Investors who seek income are often relatively risk averse (they prefer to avoid risk). Under the rule of 100, investors generally allocate more to fixed-income securities as they get older. For that reason, preferred stock investors are often assumed to be older and more conservative.

At the same time, preferred stock isn’t risk-free. As discussed in a previous section, dividend income is not guaranteed. Dividends can be skipped or suspended by the Board of Directors (BOD). Because of this, preferred stock is usually considered a moderate-risk investment: it’s generally less risky than common stock, but riskier than typical debt securities (e.g., bonds).

That’s why the most conservative, highly risk-averse investors often avoid preferred stock and instead choose safer fixed-income securities such as US Government debt. For these investors, the possibility of dividends being suspended and the potential for market price fluctuations may be too much risk. If a moderate or fairly conservative investor is willing to take on a bit more risk in exchange for higher income, preferred stock can be a suitable choice.

Preferred stock typically has no maturity or expiration date, so investors should expect a long holding period. While it may be callable or sold in the secondary market, many preferred stock investments are held for years. Since income is the primary benefit, it often takes time to collect a meaningful amount of dividends, especially because most preferred shares pay dividends quarterly.

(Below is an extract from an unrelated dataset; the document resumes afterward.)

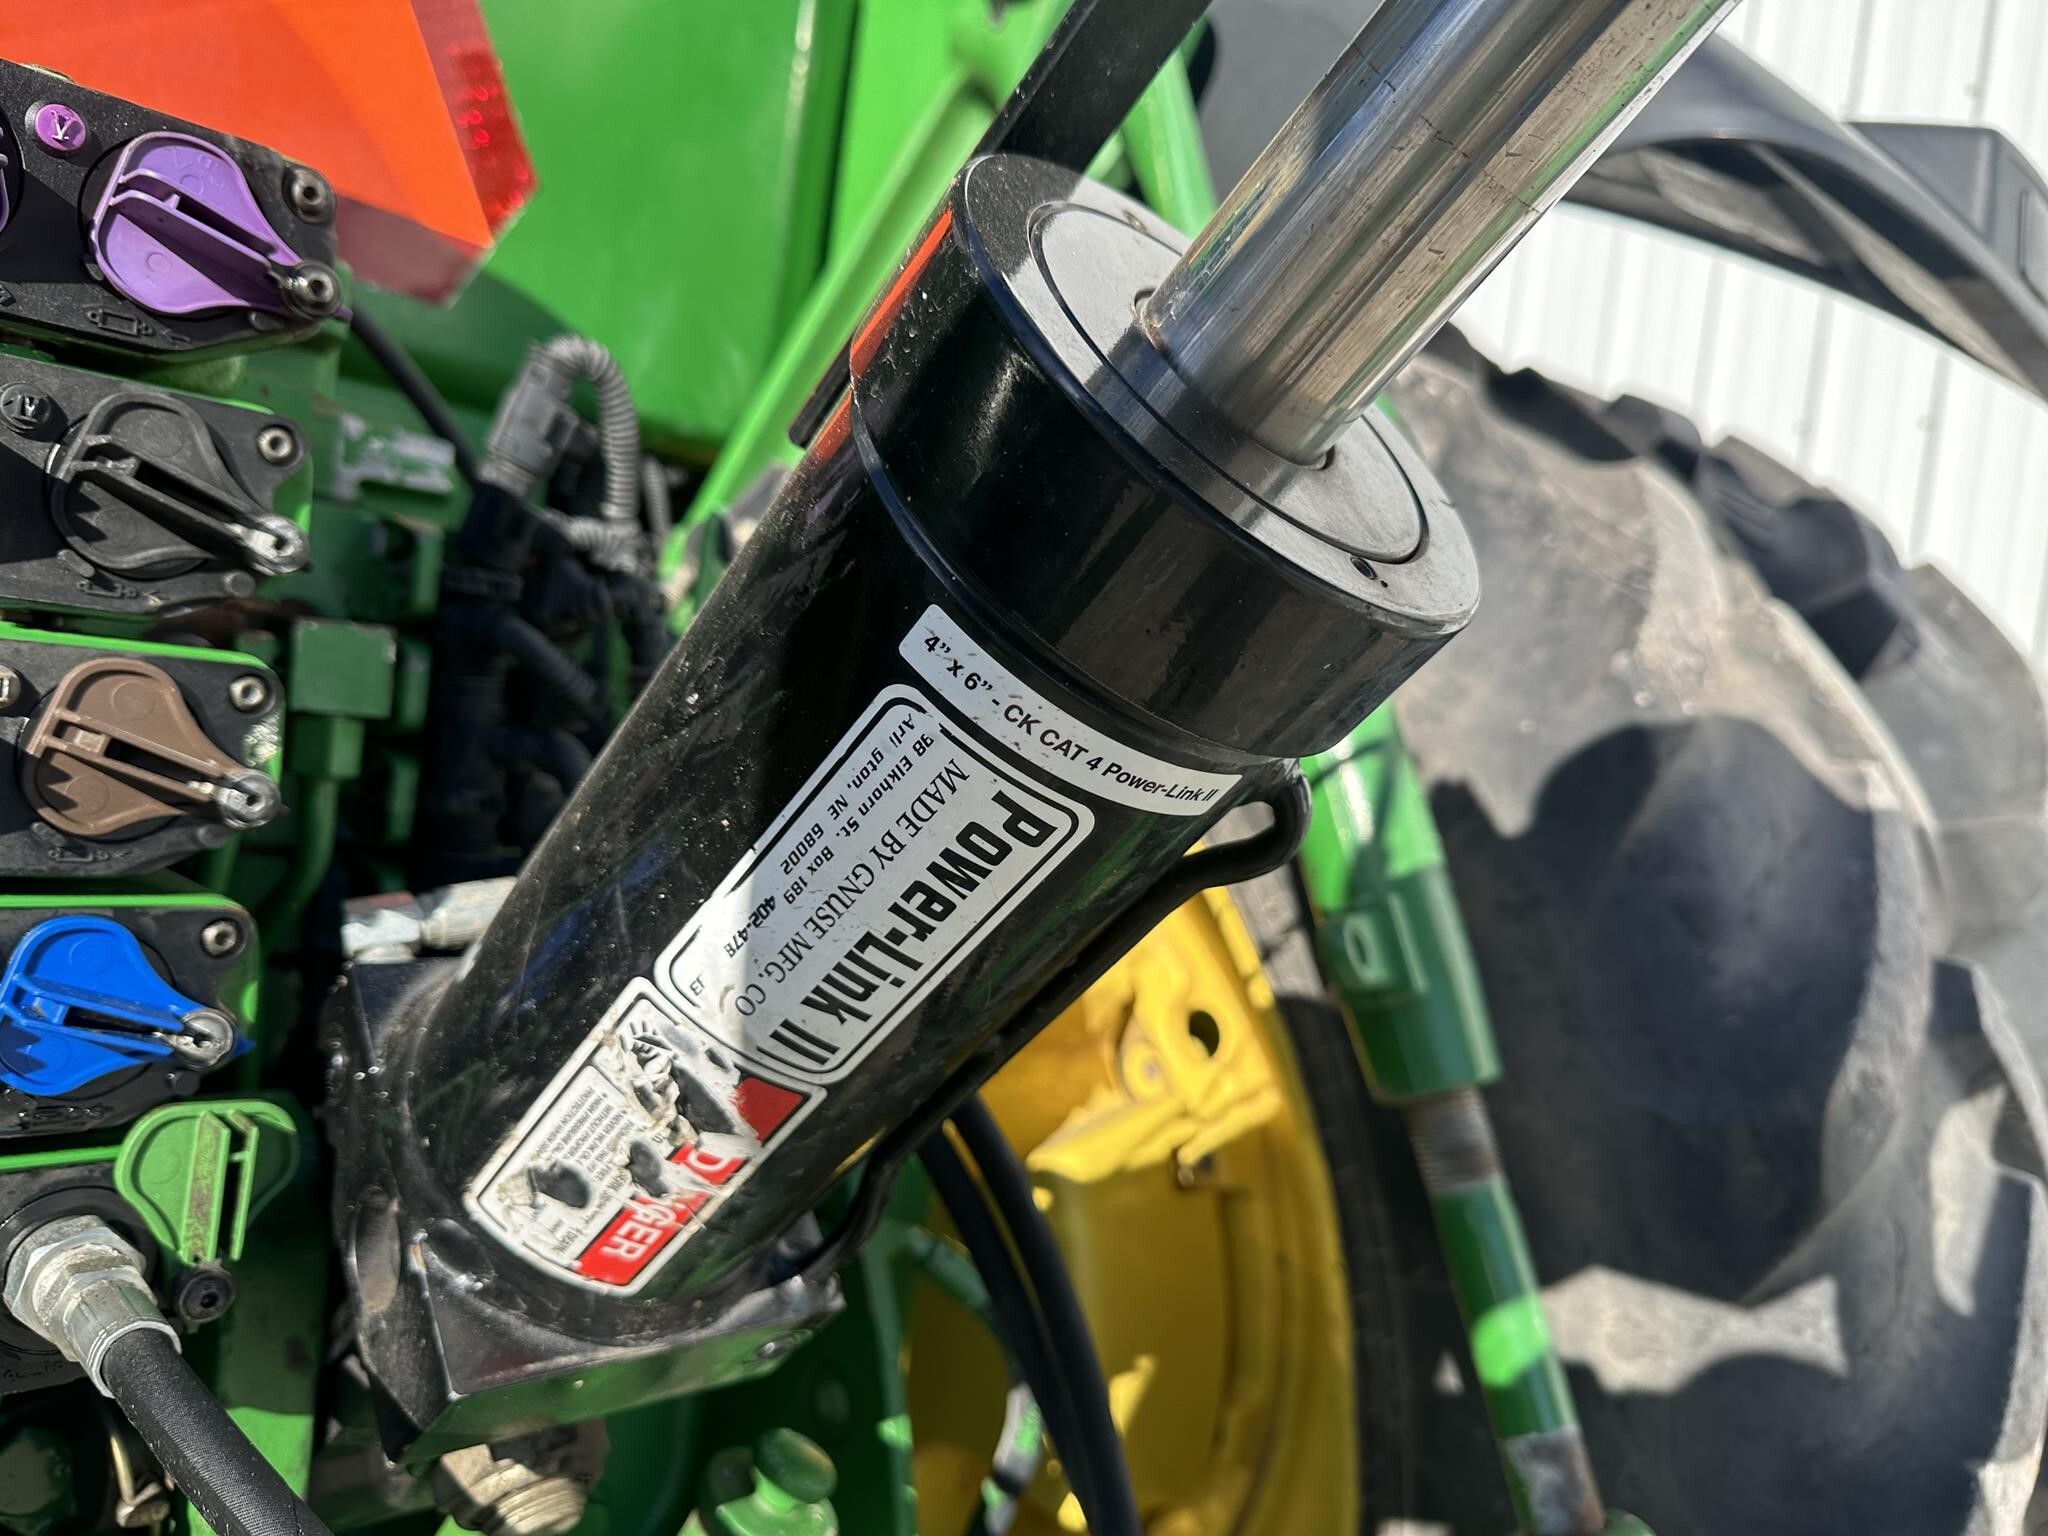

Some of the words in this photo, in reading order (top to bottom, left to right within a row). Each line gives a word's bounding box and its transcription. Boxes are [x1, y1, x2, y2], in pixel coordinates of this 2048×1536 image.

Time horizon also matters because preferred stock prices can be sensitive to interest rates. If interest rates rise significantly, the market value of preferred shares may fall. Investors with short-term time horizons could be forced to sell at a low price in that situation. Longer time horizons give investors more opportunity to collect dividends over time and to ride out price fluctuations caused by interest rate changes.

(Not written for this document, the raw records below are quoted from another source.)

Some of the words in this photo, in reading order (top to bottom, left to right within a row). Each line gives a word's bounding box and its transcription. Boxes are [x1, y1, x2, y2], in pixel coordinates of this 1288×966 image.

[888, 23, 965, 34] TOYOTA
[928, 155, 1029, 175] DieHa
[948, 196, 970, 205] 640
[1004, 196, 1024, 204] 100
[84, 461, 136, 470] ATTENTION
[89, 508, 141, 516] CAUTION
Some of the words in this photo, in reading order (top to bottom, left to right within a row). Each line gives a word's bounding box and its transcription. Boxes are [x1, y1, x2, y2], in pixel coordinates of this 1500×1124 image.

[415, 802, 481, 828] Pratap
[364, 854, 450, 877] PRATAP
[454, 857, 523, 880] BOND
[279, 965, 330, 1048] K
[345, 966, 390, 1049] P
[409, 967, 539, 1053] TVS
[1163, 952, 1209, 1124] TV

Corporations are also major investors in preferred stock. As explained in the benefits section, corporations receive at least a 50% exclusion on dividends received from stock investments. So, if a corporation has funds available and is seeking income, preferred stock can provide a tax-advantaged opportunity.

Key points

Preferred stock typical investors

  • Must seek income as the primary benefit
  • Accepts moderate risk in return for higher income
  • Long-term time horizons
  • Corporate investors (due to tax benefits)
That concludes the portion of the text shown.